This paper surveys efficient techniques for estimating, via
simulation, the probabilities of certain rare events in queueing
and reliability models. The rare events of interest are long waiting
times or buffer overflows in queueing systems, and system failure
events in reliability models of highly dependable computing systems.
The general approach to speeding up euch simulations is to accelerate
the occurrence of the rare events by using importance sampling. In
importance sampling, the system is simulated using a new set of
input probability distributions, and unbiased estimates are recovered
by multiplying the simulation output by a likelihood ratio. Our
focus is on describing asymptotically optimal importance sampling
techniques. Using asymptoti-cally optimal importance sampling, the
number of samples required to get accurate estimates grows slowly
compared to the rate at which the probability of the rare event
approaches zero. In practice, this means that run lengths can be
reduced by many orders of magnitude, compared to standard simulation.

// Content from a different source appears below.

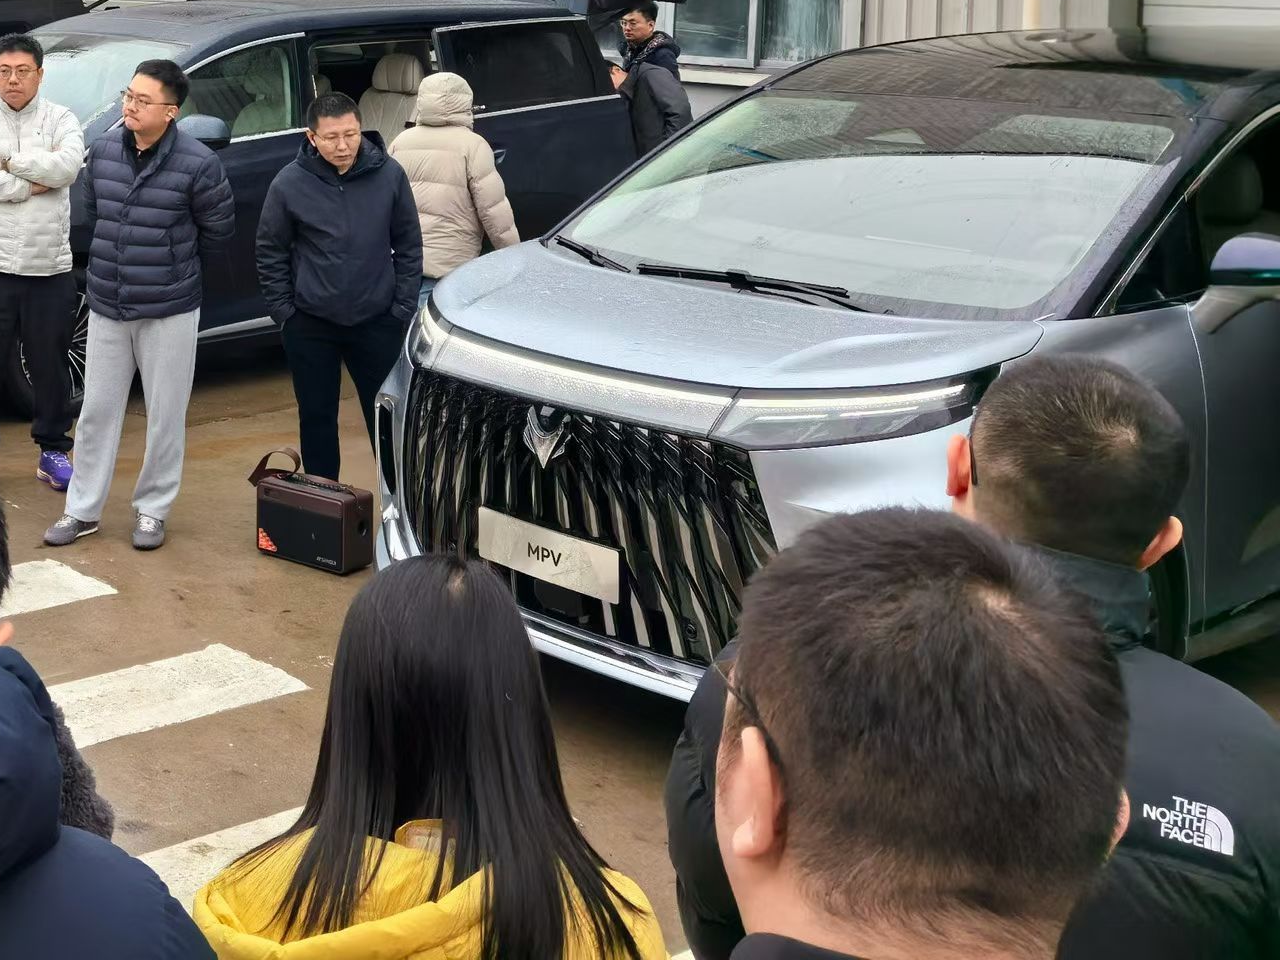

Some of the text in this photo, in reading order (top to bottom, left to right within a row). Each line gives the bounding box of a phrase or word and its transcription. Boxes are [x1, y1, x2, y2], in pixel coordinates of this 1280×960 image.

[527, 542, 562, 567] MPV
[1143, 803, 1206, 833] NORTH
[1172, 795, 1207, 819] THE
[1160, 822, 1205, 848] FACE

In certain cases, asymptotically optimal importance sampling results
in estimates having bounded relative error. With bounded relative
error, only a fixed number of samples are required to get accurate
estimates, no matter how rare the event of interest is. The queueing
systems studied include simple queues (e.g., GI/GI/ 1), Jackson
networks, discrete time queues with multiple autocorrelated arrival
processes that arise in the analysis of Asyn-chronous Transfer Mode
communications switches, and tree structured networks of such
switches, Both Markovian and non-Markovian reliability models are
treated.
|